The bill would define meat by U.S. Department of Agriculture’s standards. People would be allowed to appeal to the Attorney General’s office any product advertised as meat that they find deceptive. Appeals would be filed with the Attorney General’s Office.

Blood, a vegetarian, said she became aware of the issue when she saw two women in the supermarket arguing whether or not what they were buying was actually meat. She said elderly people or busy parents might not be able to fully understand what they’re buying.

“We aren’t going to be the meat police, but we certainly are going to be able to pass this bill to allow consumers to take control when they feel they’re being deceived, and that’s a good thing,” Blood said.

Blood also said she had threats of litigation from the Good Foods Institute, which came to speak against the bill. She spoke against the organization, saying the bill only acts as an amendment.

“I think it’s interesting that instead of saying, ‘Hey, let’s come to the table and find a resolution,’ all they’ve managed to do so far is to threaten us,” Blood said.

Testifiers lined up on both sides of the proposal.

Proponents included Donna Bolz of Nebraska Women Involved in Farm Economics, Mike Drinnin of Nebraska Cattlemen, Jim Dinklage of Independent Cattlemen of Nebraska, John Hansen of Nebraska Farmers Union, cattleman Mike Briggs and Russell Westerhold, a lobbyist for Nebraska Poultry Industries.

Many of the proponents said the bill would help the meat industries in Nebraska.

“We believe that in the interest of both consumers and livestock producers, we need to have clear and reasonable definitions as to what it is that consumers are buying so they can make an informed decision at the point of purchase,” Hansen said.

Sen. Ernie Chambers of Omaha asked several of the testifiers what actually would qualify as “meat,” as the line is blurred with wild game, including rabbit or wild turkey.

However, Sen.
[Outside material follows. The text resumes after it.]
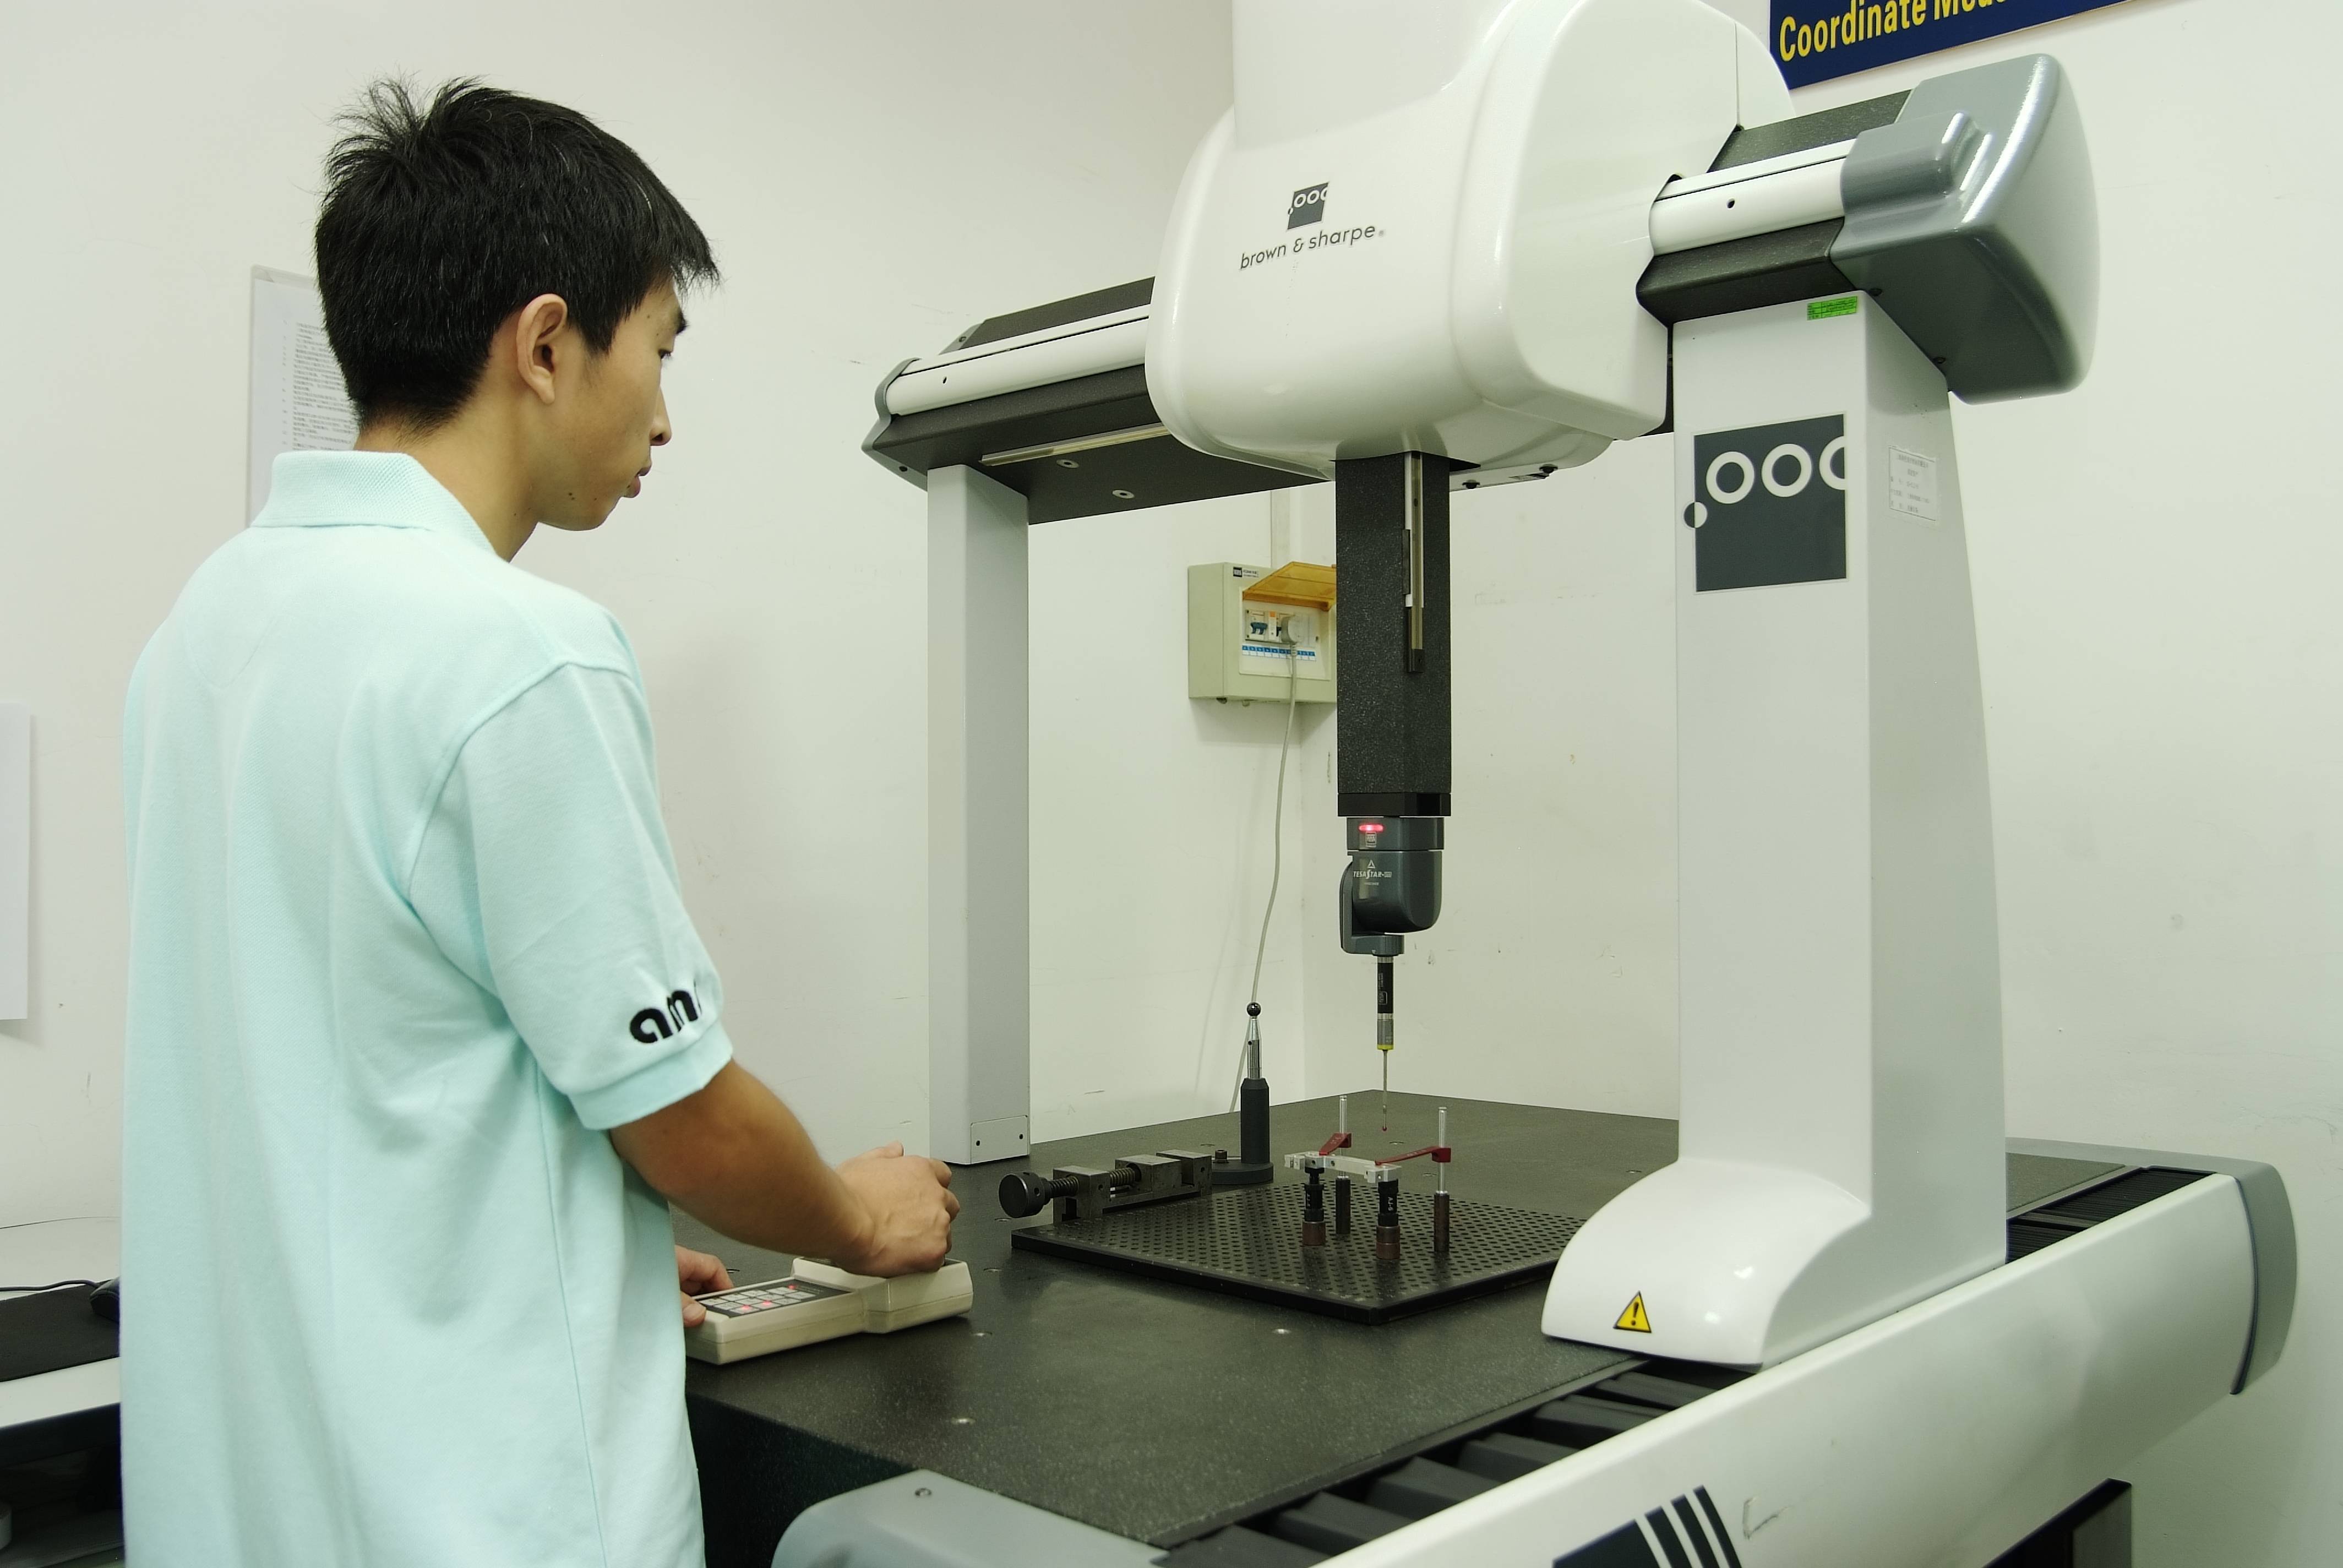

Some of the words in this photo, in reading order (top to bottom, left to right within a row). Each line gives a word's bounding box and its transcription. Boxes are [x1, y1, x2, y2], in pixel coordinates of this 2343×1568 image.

[1779, 0, 1926, 62] Coordinate
[1240, 244, 1287, 269] brown
[1293, 238, 1304, 253] &
Mike Moser of Columbus disagreed with Chambers’ questions, calling them irrelevant, and apologized to Hansen on the committee’s behalf.
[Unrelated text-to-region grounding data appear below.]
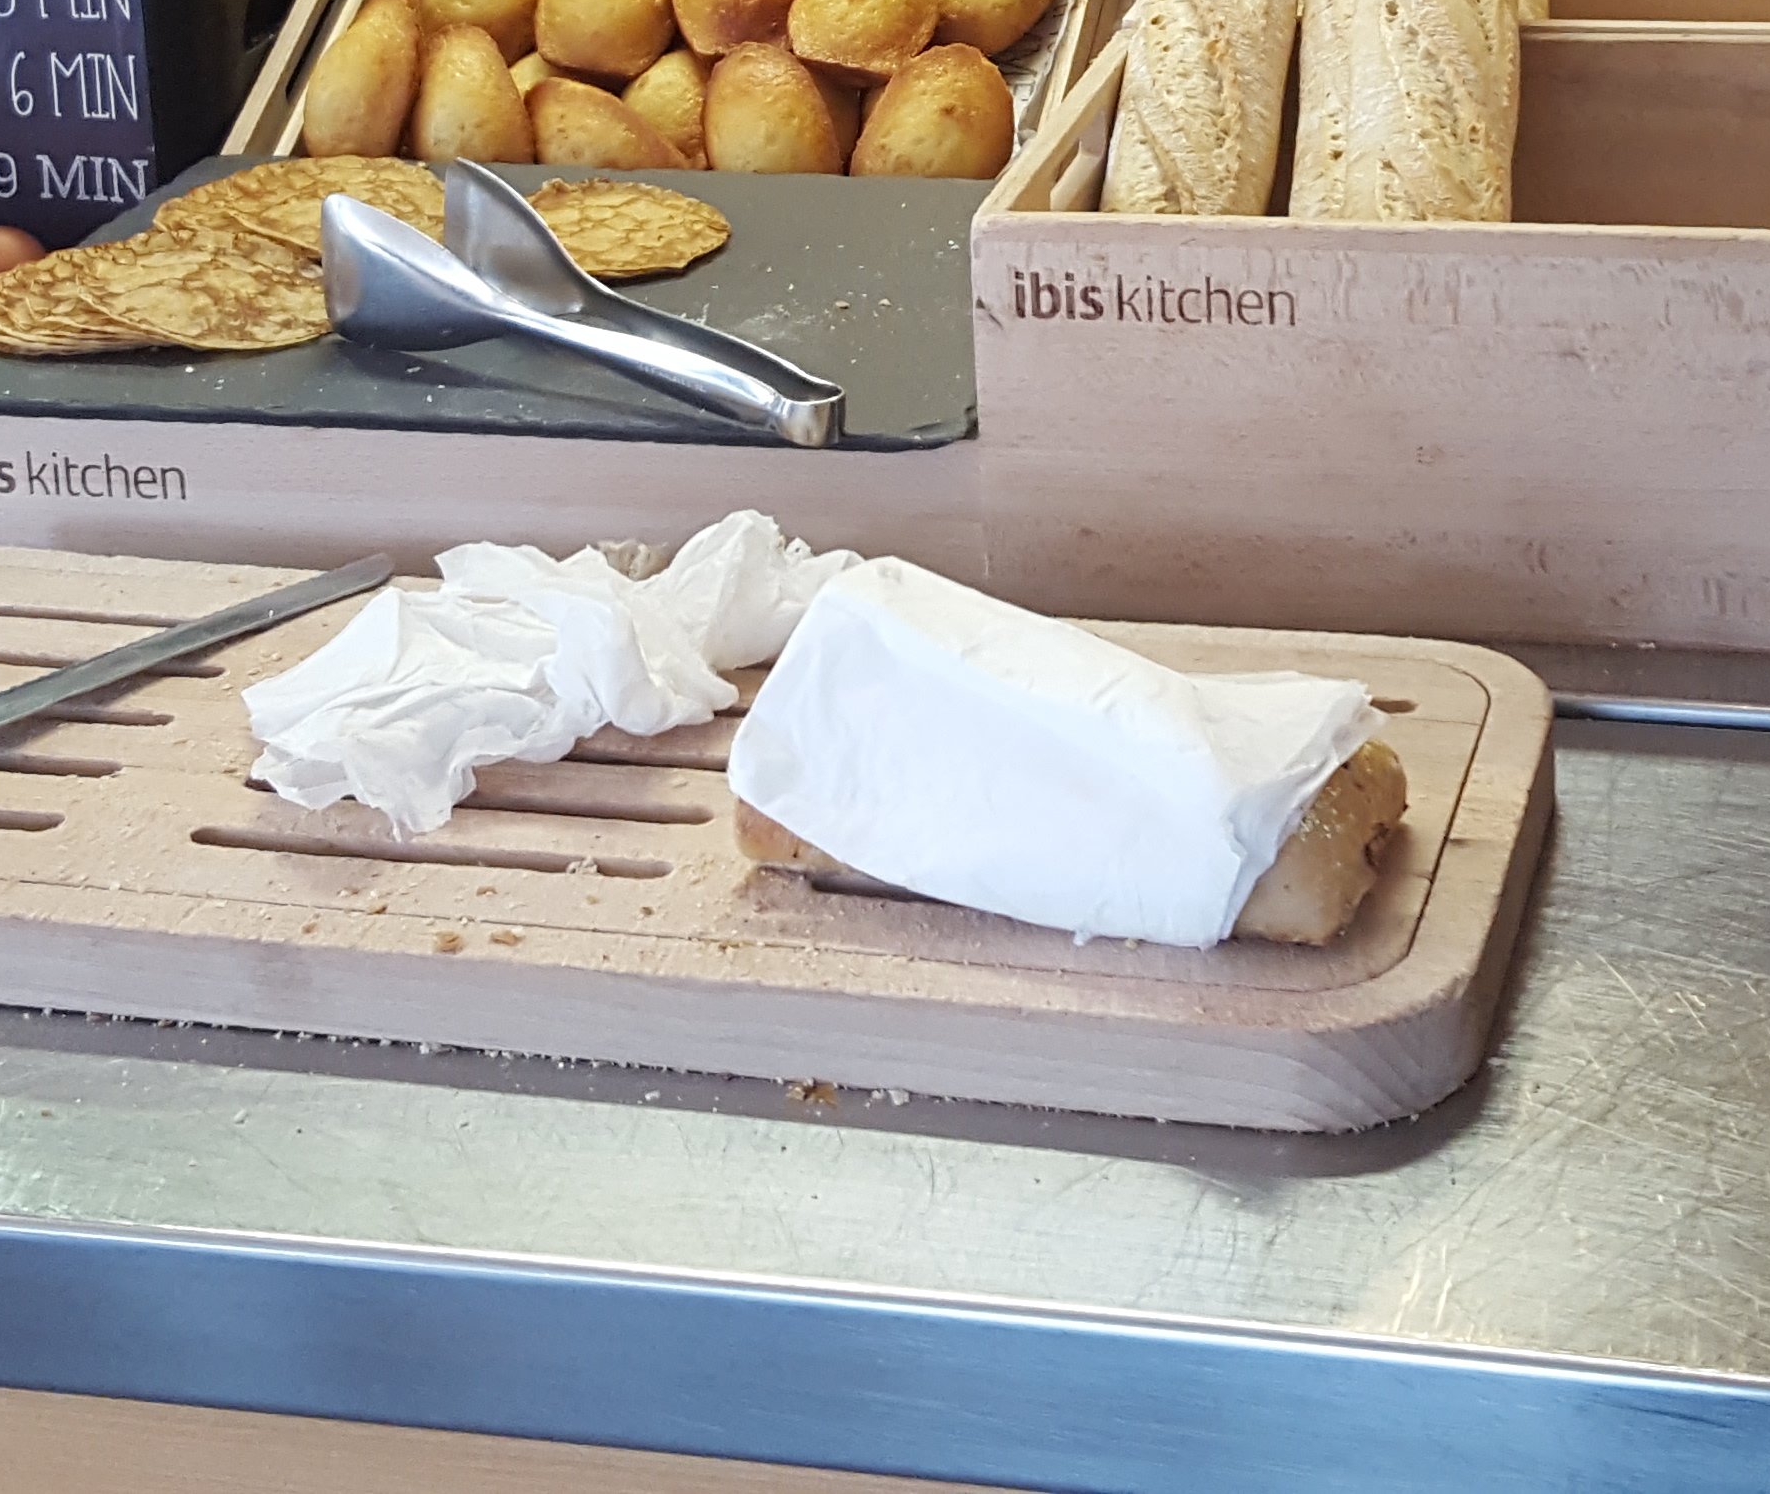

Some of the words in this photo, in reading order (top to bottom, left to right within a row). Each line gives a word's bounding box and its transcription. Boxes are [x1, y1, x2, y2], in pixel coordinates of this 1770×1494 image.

[10, 51, 34, 117] 6
[49, 52, 139, 121] MIN
[35, 154, 150, 204] MIN
[1013, 271, 1105, 321] ibis
[1116, 274, 1297, 326] kitchen
[26, 450, 187, 501] kitchen
“It seems like we’re kind of debating the merits of the bill rather than getting input from people who came to testify, and I think we’d be better served with our time and their time if we would accept their testimony and then we’ll have a chance to debate this among ourselves,” Moser said. “And rather than torture them, we’ll torture each other, as we do.”

Chambers and Moser went back and forth in a short argument that resulted in chairman Sen. Steve Halloran of Hastings banging his gavel to continue the hearing.

“I’ve been here 44 years. I know more about the legislative procedure than you do,” Chambers said. “And you can say whatever you want, but you were insulting in what you said.”

After the quarrel, opponents Dan Colegrove of the Plant-Based Foods Association and Kent Rogert, lobbyist for Impossible Foods, spoke to the committee.

Impossible Foods is a company that produces plant-based foods including its signature Impossible Burger, sold by restaurants in Lincoln and Omaha. Rogert brought up words like “popcorn shrimp” and “Rocky Mountain oysters” to prove that foods don’t always have literal meanings.

“It’s a First Amendment issue,” he said. “We don’t believe the government should probably be telling a company what they can say or not say in describing a product, as long as it’s clear and not deceptive.”

Rogert also called the bill a “slippery slope” and said that it could cause more regulation for an already heavily regulated industry.

Meghan Stoppel of the Attorney General’s Office spoke from a neutral position, providing context for the bill and the office’s role if it were to pass.

Blood said the bill would not only help consumers but ag producers as well.

“[The meat industry] gives billions of dollars to our economy every year,” Blood said. “And in this small-population state, we would be screwed without that industry.”

But this bill won’t hinder companies like Impossible Foods, Blood said, as it will only even the playing field for all parties.

“They are welcome to compete, they are welcome to disrupt the market,” she said. “But if they’re going to do it, they need to be truthful about it.”